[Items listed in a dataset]

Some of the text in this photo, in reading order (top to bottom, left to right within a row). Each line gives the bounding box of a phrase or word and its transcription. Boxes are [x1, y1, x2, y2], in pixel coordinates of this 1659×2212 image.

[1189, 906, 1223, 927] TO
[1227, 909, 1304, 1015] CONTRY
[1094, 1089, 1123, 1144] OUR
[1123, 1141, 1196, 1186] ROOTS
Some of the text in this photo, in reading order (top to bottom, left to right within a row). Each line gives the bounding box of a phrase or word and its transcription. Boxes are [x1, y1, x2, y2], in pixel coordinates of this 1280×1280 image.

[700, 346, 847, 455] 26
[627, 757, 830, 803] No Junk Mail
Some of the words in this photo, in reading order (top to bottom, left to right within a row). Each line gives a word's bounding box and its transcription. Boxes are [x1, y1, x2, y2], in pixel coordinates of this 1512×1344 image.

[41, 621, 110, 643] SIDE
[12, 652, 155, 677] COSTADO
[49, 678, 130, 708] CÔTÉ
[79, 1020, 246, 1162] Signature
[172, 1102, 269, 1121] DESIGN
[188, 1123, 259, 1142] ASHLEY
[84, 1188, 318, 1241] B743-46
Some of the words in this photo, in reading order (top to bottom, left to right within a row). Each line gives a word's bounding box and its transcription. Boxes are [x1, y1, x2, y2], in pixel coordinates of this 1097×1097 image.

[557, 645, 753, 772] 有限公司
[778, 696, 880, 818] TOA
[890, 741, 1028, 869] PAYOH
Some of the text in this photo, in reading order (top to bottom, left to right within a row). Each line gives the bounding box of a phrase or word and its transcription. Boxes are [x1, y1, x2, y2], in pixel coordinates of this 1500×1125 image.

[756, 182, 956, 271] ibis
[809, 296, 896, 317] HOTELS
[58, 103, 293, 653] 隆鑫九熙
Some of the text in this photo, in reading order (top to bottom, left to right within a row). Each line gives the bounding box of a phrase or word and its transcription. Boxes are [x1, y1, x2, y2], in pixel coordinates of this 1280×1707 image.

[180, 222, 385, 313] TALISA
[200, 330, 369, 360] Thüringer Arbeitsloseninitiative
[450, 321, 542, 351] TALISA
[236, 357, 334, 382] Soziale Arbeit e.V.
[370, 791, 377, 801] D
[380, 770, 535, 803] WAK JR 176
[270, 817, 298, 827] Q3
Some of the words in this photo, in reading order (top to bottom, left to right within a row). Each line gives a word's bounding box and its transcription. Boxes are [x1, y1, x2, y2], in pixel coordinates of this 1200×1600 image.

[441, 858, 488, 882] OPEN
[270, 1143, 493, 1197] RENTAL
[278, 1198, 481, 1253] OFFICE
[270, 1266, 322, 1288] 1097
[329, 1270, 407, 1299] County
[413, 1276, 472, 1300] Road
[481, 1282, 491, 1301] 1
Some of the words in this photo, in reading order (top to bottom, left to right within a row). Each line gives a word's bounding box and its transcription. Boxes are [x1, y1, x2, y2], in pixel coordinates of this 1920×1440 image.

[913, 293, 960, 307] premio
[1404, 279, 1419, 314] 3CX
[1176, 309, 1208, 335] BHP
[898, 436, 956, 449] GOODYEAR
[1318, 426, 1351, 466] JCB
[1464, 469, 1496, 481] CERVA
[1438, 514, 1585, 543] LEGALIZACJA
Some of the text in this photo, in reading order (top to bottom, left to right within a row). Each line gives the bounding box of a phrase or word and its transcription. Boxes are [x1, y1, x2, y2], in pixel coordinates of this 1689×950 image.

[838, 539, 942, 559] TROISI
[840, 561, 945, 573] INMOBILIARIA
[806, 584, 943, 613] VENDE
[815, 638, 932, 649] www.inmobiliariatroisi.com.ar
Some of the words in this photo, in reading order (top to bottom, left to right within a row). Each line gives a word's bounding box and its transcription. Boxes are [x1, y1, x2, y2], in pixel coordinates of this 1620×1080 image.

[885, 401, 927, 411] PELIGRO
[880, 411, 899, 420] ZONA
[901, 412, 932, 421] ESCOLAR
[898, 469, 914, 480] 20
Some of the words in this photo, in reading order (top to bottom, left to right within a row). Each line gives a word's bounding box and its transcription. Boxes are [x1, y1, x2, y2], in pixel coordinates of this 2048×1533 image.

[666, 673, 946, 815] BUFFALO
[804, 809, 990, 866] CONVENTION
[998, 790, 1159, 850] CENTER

Activity - All records shown above are to be given again verbatim.

Final answer -
Some of the text in this photo, in reading order (top to bottom, left to right within a row). Each line gives the bounding box of a phrase or word and its transcription. Boxes are [x1, y1, x2, y2], in pixel coordinates of this 1659×2212 image.

[1189, 906, 1223, 927] TO
[1227, 909, 1304, 1015] CONTRY
[1094, 1089, 1123, 1144] OUR
[1123, 1141, 1196, 1186] ROOTS
Some of the text in this photo, in reading order (top to bottom, left to right within a row). Each line gives the bounding box of a phrase or word and its transcription. Boxes are [x1, y1, x2, y2], in pixel coordinates of this 1280×1280 image.

[700, 346, 847, 455] 26
[627, 757, 830, 803] No Junk Mail
Some of the words in this photo, in reading order (top to bottom, left to right within a row). Each line gives a word's bounding box and its transcription. Boxes are [x1, y1, x2, y2], in pixel coordinates of this 1512×1344 image.

[41, 621, 110, 643] SIDE
[12, 652, 155, 677] COSTADO
[49, 678, 130, 708] CÔTÉ
[79, 1020, 246, 1162] Signature
[172, 1102, 269, 1121] DESIGN
[188, 1123, 259, 1142] ASHLEY
[84, 1188, 318, 1241] B743-46
Some of the words in this photo, in reading order (top to bottom, left to right within a row). Each line gives a word's bounding box and its transcription. Boxes are [x1, y1, x2, y2], in pixel coordinates of this 1097×1097 image.

[557, 645, 753, 772] 有限公司
[778, 696, 880, 818] TOA
[890, 741, 1028, 869] PAYOH
Some of the text in this photo, in reading order (top to bottom, left to right within a row). Each line gives the bounding box of a phrase or word and its transcription. Boxes are [x1, y1, x2, y2], in pixel coordinates of this 1500×1125 image.

[756, 182, 956, 271] ibis
[809, 296, 896, 317] HOTELS
[58, 103, 293, 653] 隆鑫九熙
Some of the text in this photo, in reading order (top to bottom, left to right within a row). Each line gives the bounding box of a phrase or word and its transcription. Boxes are [x1, y1, x2, y2], in pixel coordinates of this 1280×1707 image.

[180, 222, 385, 313] TALISA
[200, 330, 369, 360] Thüringer Arbeitsloseninitiative
[450, 321, 542, 351] TALISA
[236, 357, 334, 382] Soziale Arbeit e.V.
[370, 791, 377, 801] D
[380, 770, 535, 803] WAK JR 176
[270, 817, 298, 827] Q3
Some of the words in this photo, in reading order (top to bottom, left to right within a row). Each line gives a word's bounding box and its transcription. Boxes are [x1, y1, x2, y2], in pixel coordinates of this 1200×1600 image.

[441, 858, 488, 882] OPEN
[270, 1143, 493, 1197] RENTAL
[278, 1198, 481, 1253] OFFICE
[270, 1266, 322, 1288] 1097
[329, 1270, 407, 1299] County
[413, 1276, 472, 1300] Road
[481, 1282, 491, 1301] 1
Some of the words in this photo, in reading order (top to bottom, left to right within a row). Each line gives a word's bounding box and its transcription. Boxes are [x1, y1, x2, y2], in pixel coordinates of this 1920×1440 image.

[913, 293, 960, 307] premio
[1404, 279, 1419, 314] 3CX
[1176, 309, 1208, 335] BHP
[898, 436, 956, 449] GOODYEAR
[1318, 426, 1351, 466] JCB
[1464, 469, 1496, 481] CERVA
[1438, 514, 1585, 543] LEGALIZACJA
Some of the text in this photo, in reading order (top to bottom, left to right within a row). Each line gives the bounding box of a phrase or word and its transcription. Boxes are [x1, y1, x2, y2], in pixel coordinates of this 1689×950 image.

[838, 539, 942, 559] TROISI
[840, 561, 945, 573] INMOBILIARIA
[806, 584, 943, 613] VENDE
[815, 638, 932, 649] www.inmobiliariatroisi.com.ar
Some of the words in this photo, in reading order (top to bottom, left to right within a row). Each line gives a word's bounding box and its transcription. Boxes are [x1, y1, x2, y2], in pixel coordinates of this 1620×1080 image.

[885, 401, 927, 411] PELIGRO
[880, 411, 899, 420] ZONA
[901, 412, 932, 421] ESCOLAR
[898, 469, 914, 480] 20
Some of the words in this photo, in reading order (top to bottom, left to right within a row). Each line gives a word's bounding box and its transcription. Boxes are [x1, y1, x2, y2], in pixel coordinates of this 2048×1533 image.

[666, 673, 946, 815] BUFFALO
[804, 809, 990, 866] CONVENTION
[998, 790, 1159, 850] CENTER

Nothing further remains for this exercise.